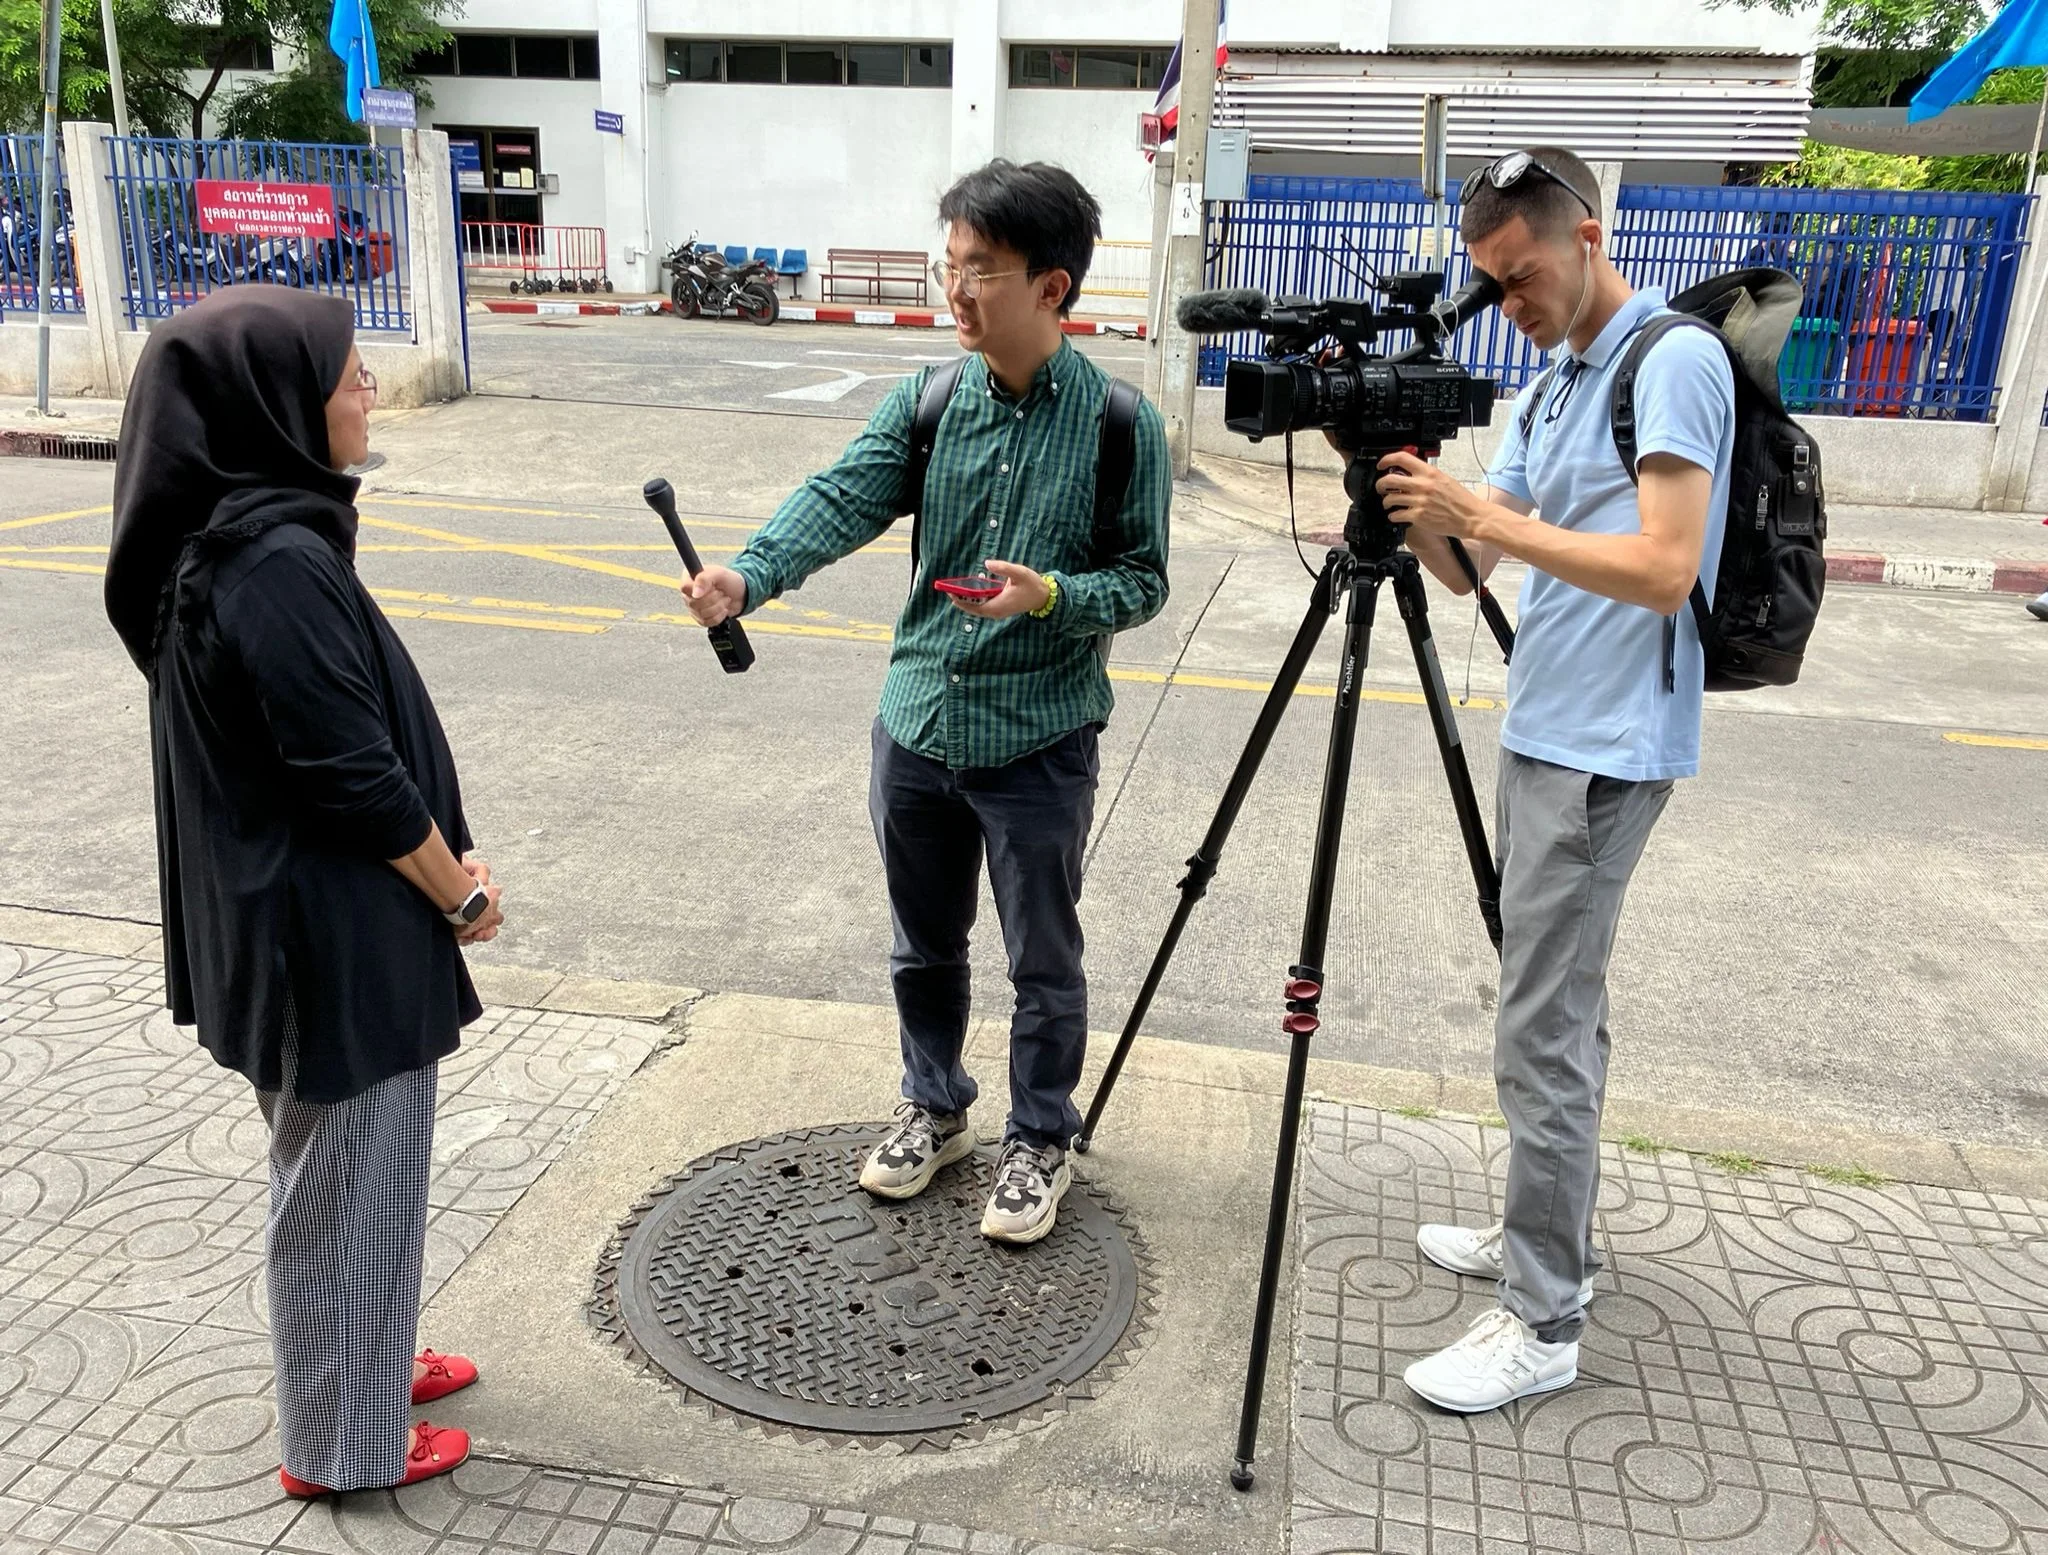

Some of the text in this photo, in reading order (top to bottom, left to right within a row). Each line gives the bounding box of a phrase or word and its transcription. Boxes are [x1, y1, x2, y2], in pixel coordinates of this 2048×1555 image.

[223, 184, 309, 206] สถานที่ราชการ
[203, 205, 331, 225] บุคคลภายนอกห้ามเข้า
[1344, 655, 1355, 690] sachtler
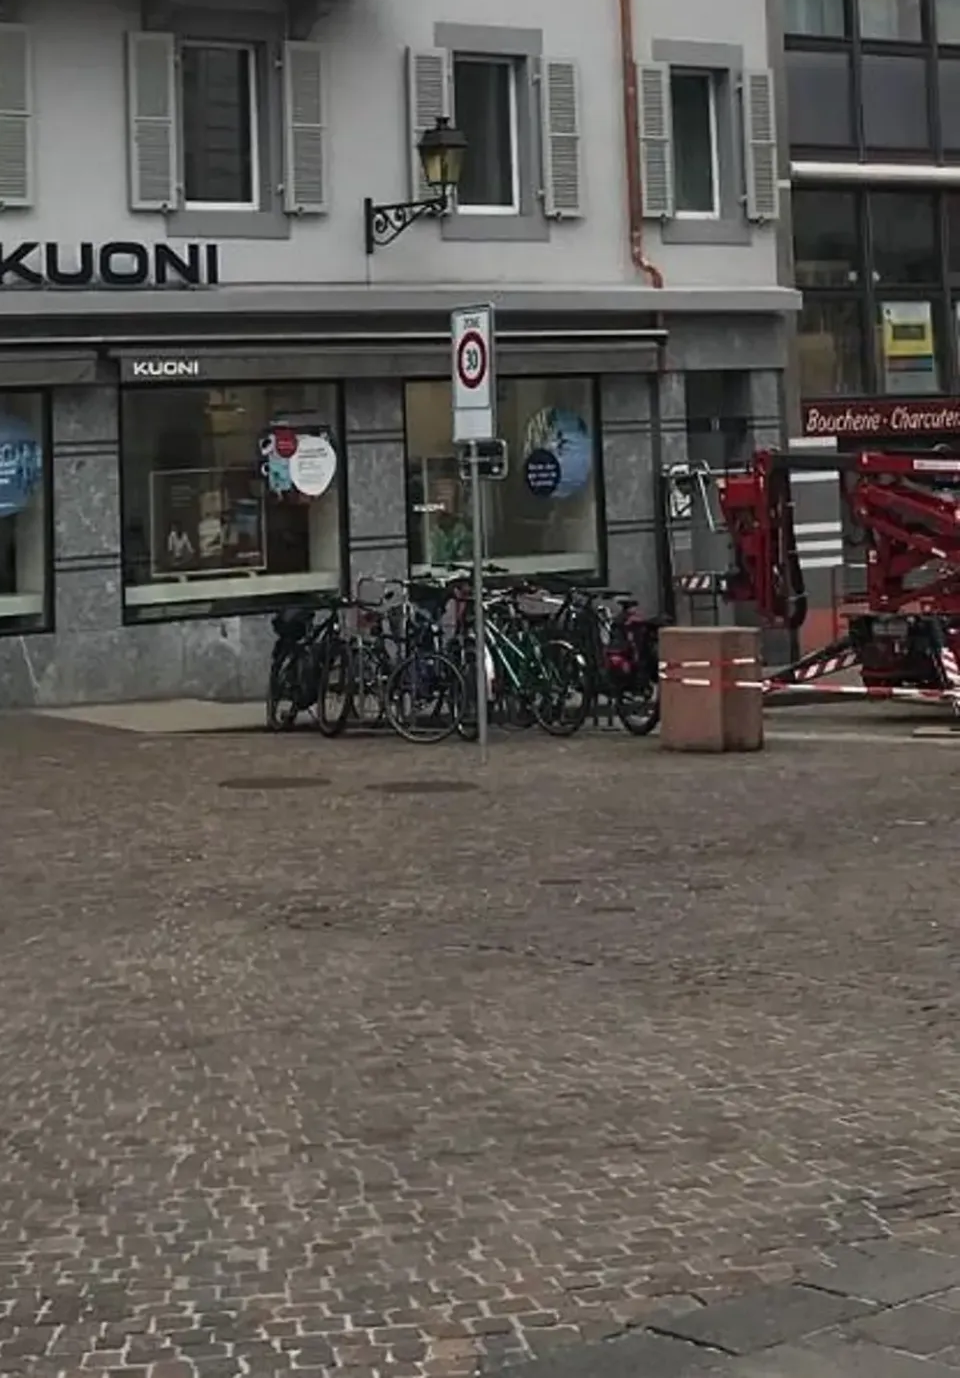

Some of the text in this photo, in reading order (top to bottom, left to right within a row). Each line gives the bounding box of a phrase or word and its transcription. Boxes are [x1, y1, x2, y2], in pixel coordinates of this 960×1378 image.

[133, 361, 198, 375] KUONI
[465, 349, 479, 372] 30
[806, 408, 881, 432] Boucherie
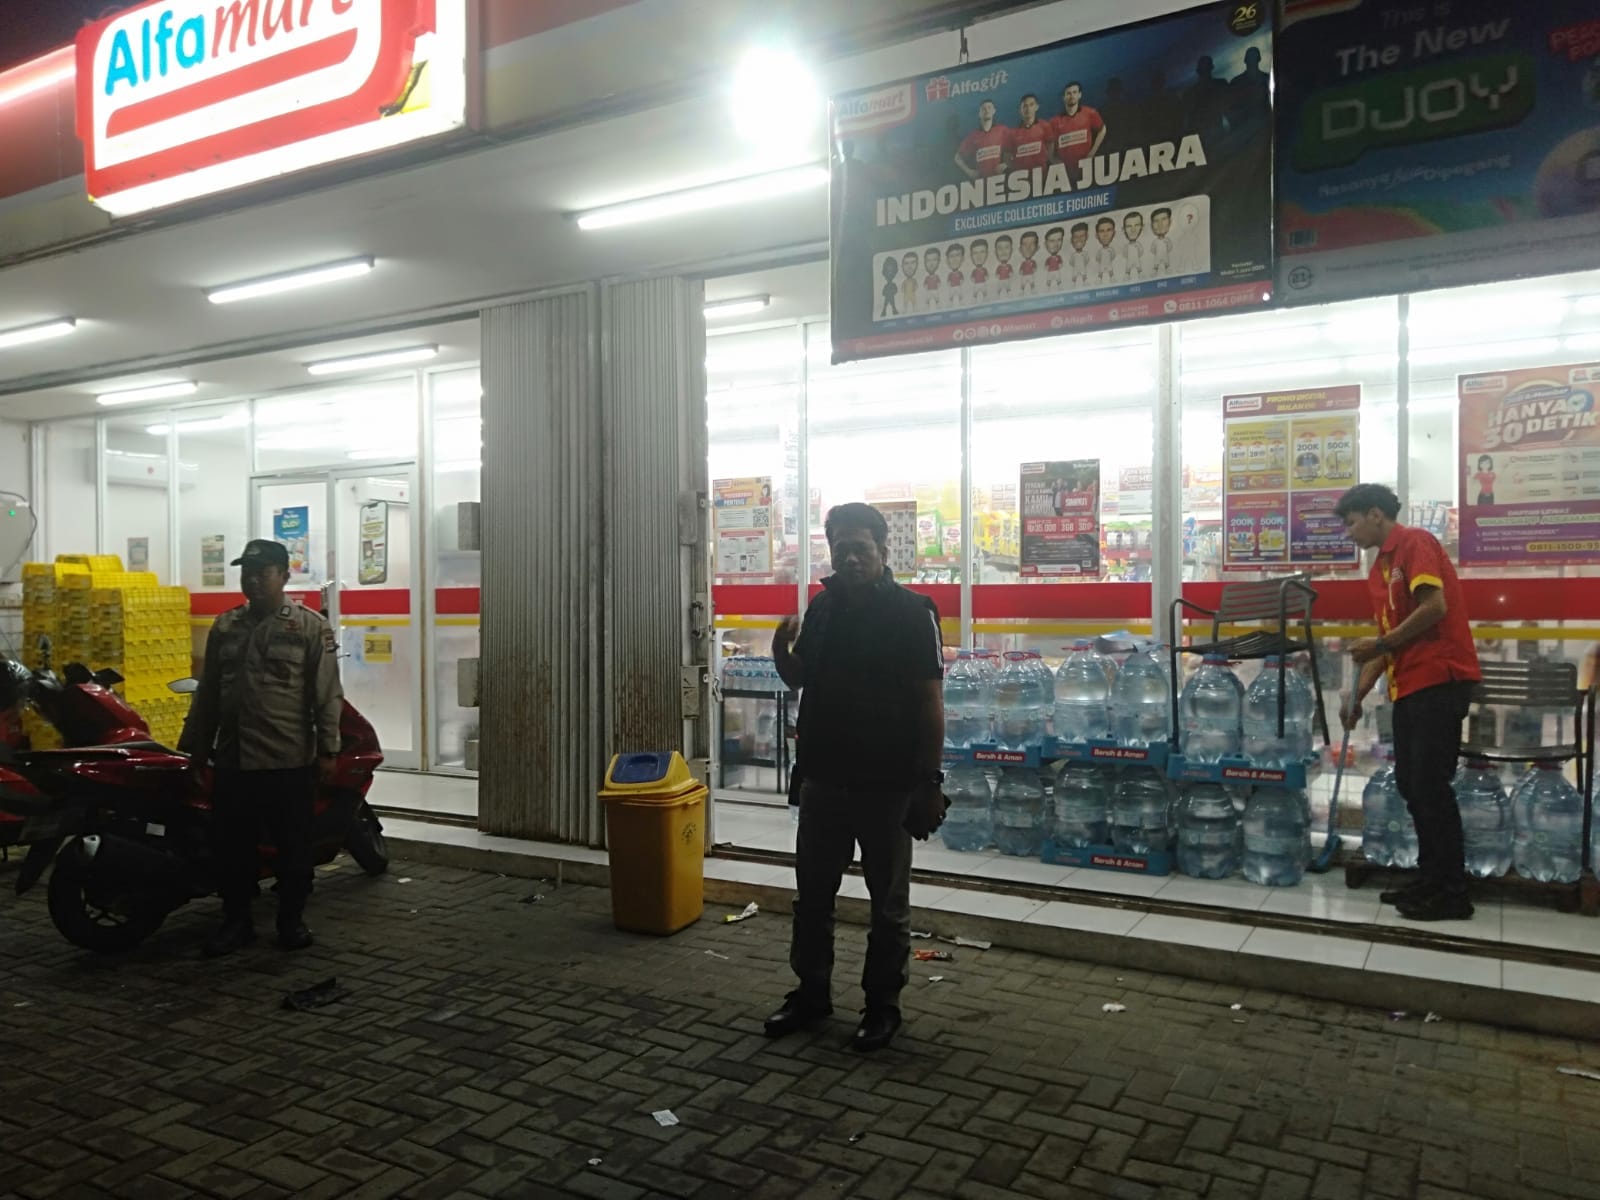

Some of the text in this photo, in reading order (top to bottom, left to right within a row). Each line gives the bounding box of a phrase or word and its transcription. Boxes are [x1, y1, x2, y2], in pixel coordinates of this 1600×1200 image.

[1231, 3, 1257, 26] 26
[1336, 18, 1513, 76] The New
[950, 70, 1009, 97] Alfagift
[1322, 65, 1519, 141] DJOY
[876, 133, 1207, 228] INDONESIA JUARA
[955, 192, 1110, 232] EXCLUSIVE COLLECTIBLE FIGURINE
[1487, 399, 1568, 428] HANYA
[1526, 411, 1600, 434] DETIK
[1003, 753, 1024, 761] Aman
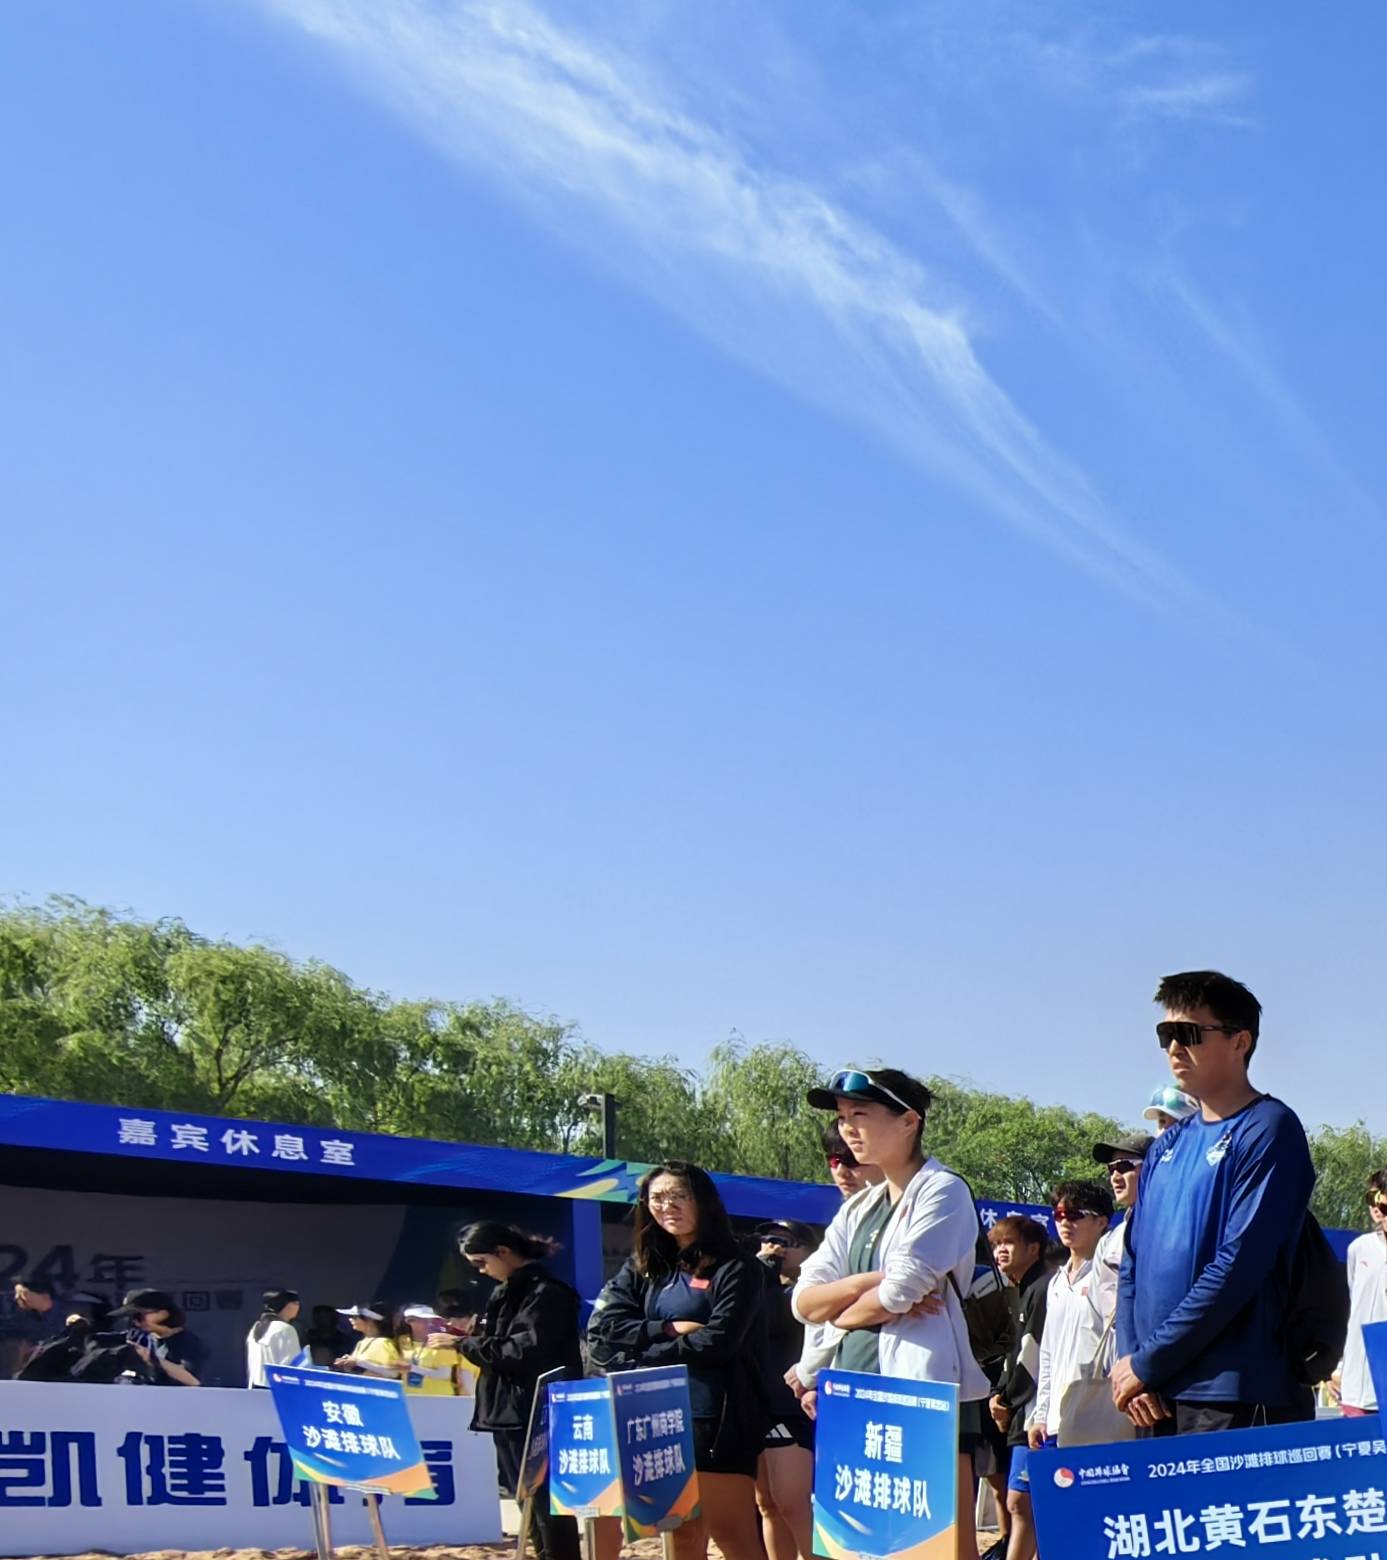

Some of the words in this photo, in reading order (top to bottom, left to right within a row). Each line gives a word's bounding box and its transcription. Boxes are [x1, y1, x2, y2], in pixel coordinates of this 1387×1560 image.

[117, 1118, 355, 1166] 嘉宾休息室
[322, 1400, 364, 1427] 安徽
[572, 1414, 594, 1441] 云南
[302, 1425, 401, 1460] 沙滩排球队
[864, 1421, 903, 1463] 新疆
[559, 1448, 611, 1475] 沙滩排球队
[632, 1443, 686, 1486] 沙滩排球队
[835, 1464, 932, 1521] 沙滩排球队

************

(Exercise prompt): The entries need to be restated exactly, and their pictures left out.

(Solution below):
Some of the text in this photo, in reading order (top to bottom, left to right within a row). Each line gives the bounding box of a phrase or word and its transcription. Boxes are [x1, y1, x2, y2], in pixel coordinates of this 2048×1555 image.

[223, 184, 309, 206] สถานที่ราชการ
[203, 205, 331, 225] บุคคลภายนอกห้ามเข้า
[1344, 655, 1355, 690] sachtler

Some of the text in this photo, in reading order (top to bottom, left to right within a row). Each line gives the bounding box of a phrase or word and its transcription. Boxes are [x1, y1, x2, y2], in pixel coordinates of this 960×1378 image.

[133, 361, 198, 375] KUONI
[465, 349, 479, 372] 30
[806, 408, 881, 432] Boucherie

Some of the text in this photo, in reading order (top to bottom, left to right within a row). Each line gives the bounding box of a phrase or word and its transcription. Boxes are [x1, y1, x2, y2], in pixel coordinates of this 1600×1200 image.

[1231, 3, 1257, 26] 26
[1336, 18, 1513, 76] The New
[950, 70, 1009, 97] Alfagift
[1322, 65, 1519, 141] DJOY
[876, 133, 1207, 228] INDONESIA JUARA
[955, 192, 1110, 232] EXCLUSIVE COLLECTIBLE FIGURINE
[1487, 399, 1568, 428] HANYA
[1526, 411, 1600, 434] DETIK
[1003, 753, 1024, 761] Aman

Some of the words in this photo, in reading order (top to bottom, left to right within a row). Each line gives a word's bounding box and its transcription. Boxes are [x1, y1, x2, y2], in pixel coordinates of this 1387×1560 image.

[117, 1118, 355, 1166] 嘉宾休息室
[322, 1400, 364, 1427] 安徽
[572, 1414, 594, 1441] 云南
[302, 1425, 401, 1460] 沙滩排球队
[864, 1421, 903, 1463] 新疆
[559, 1448, 611, 1475] 沙滩排球队
[632, 1443, 686, 1486] 沙滩排球队
[835, 1464, 932, 1521] 沙滩排球队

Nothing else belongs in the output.